Exercise objective » Nothing but the records, copied exactly and stripped of pictures, should be in the answer.

Source material »
+ + + + + + +

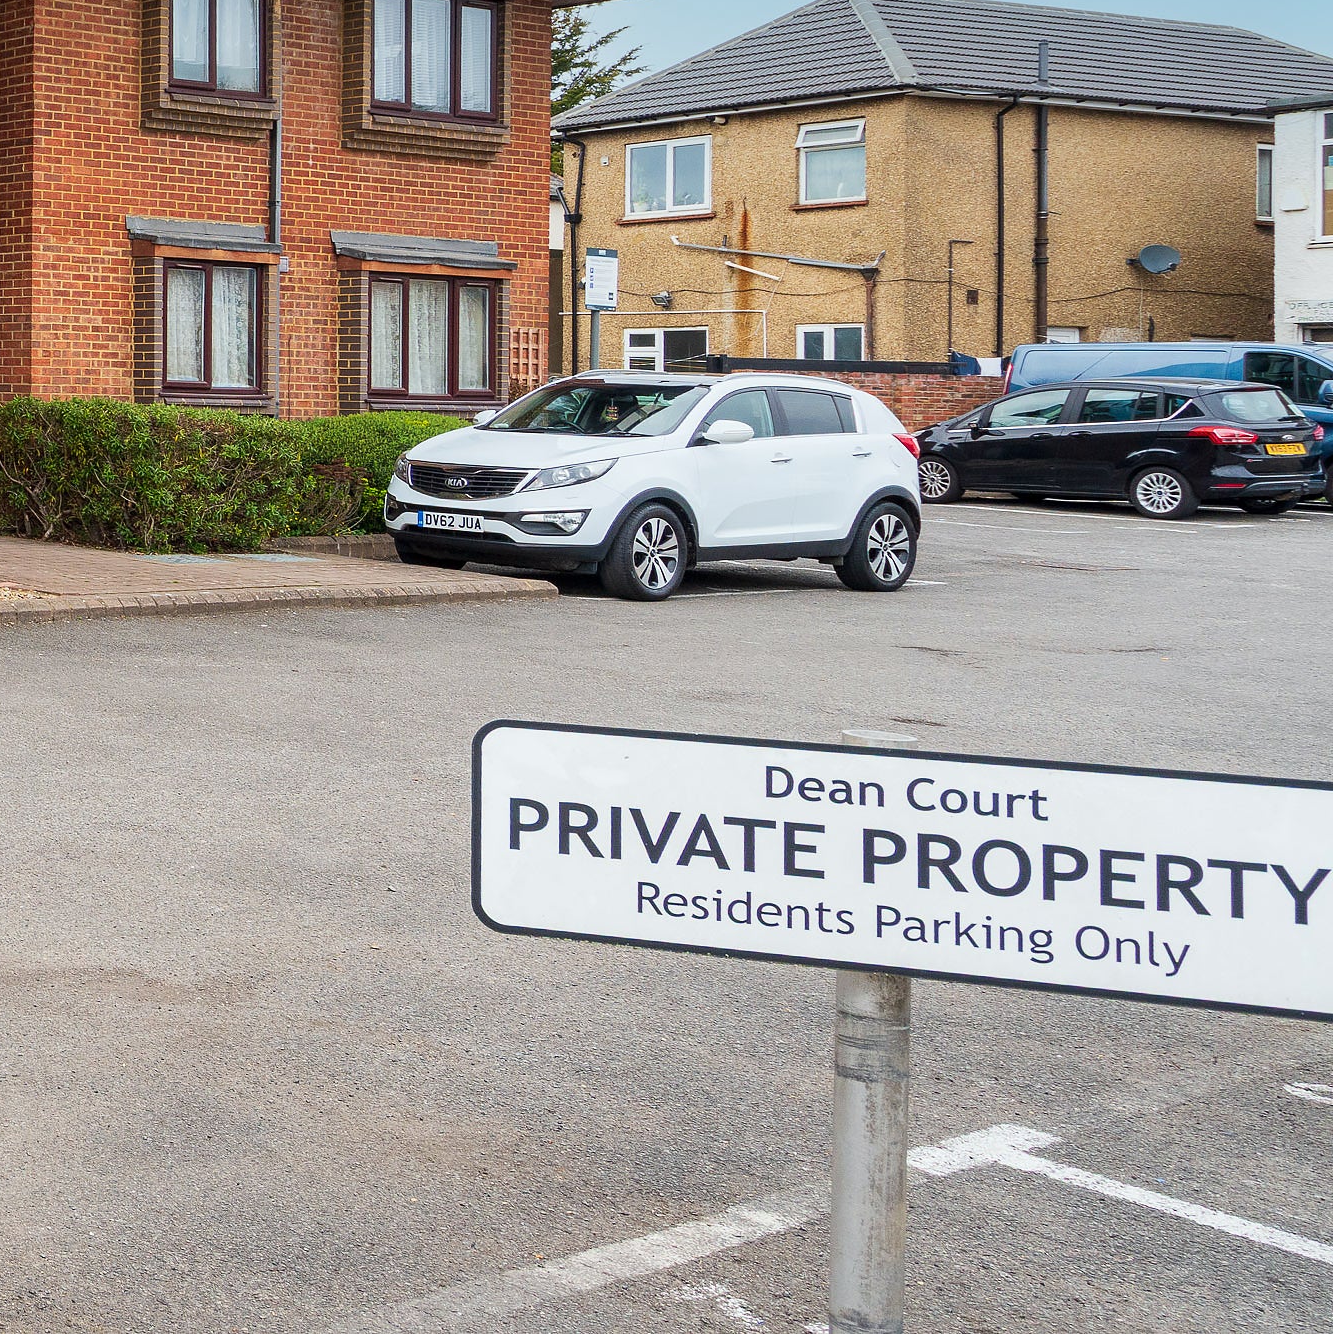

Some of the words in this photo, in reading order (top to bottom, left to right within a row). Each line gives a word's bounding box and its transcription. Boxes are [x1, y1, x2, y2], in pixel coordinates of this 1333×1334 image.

[447, 478, 463, 487] KIA
[425, 514, 455, 527] DV62
[458, 517, 482, 530] JUA
[764, 765, 885, 808] Dean
[906, 777, 1049, 822] Court
[509, 797, 826, 880] PRIVATE
[862, 828, 1332, 926] PROPERTY
[636, 881, 855, 935] Residents
[875, 904, 1055, 964] Parking
[1075, 925, 1191, 977] Only

+ + + + + + +

Task solution »
Some of the words in this photo, in reading order (top to bottom, left to right within a row). Each line gives a word's bounding box and its transcription. Boxes are [x1, y1, x2, y2], in pixel coordinates of this 1333×1334 image.

[447, 478, 463, 487] KIA
[425, 514, 455, 527] DV62
[458, 517, 482, 530] JUA
[764, 765, 885, 808] Dean
[906, 777, 1049, 822] Court
[509, 797, 826, 880] PRIVATE
[862, 828, 1332, 926] PROPERTY
[636, 881, 855, 935] Residents
[875, 904, 1055, 964] Parking
[1075, 925, 1191, 977] Only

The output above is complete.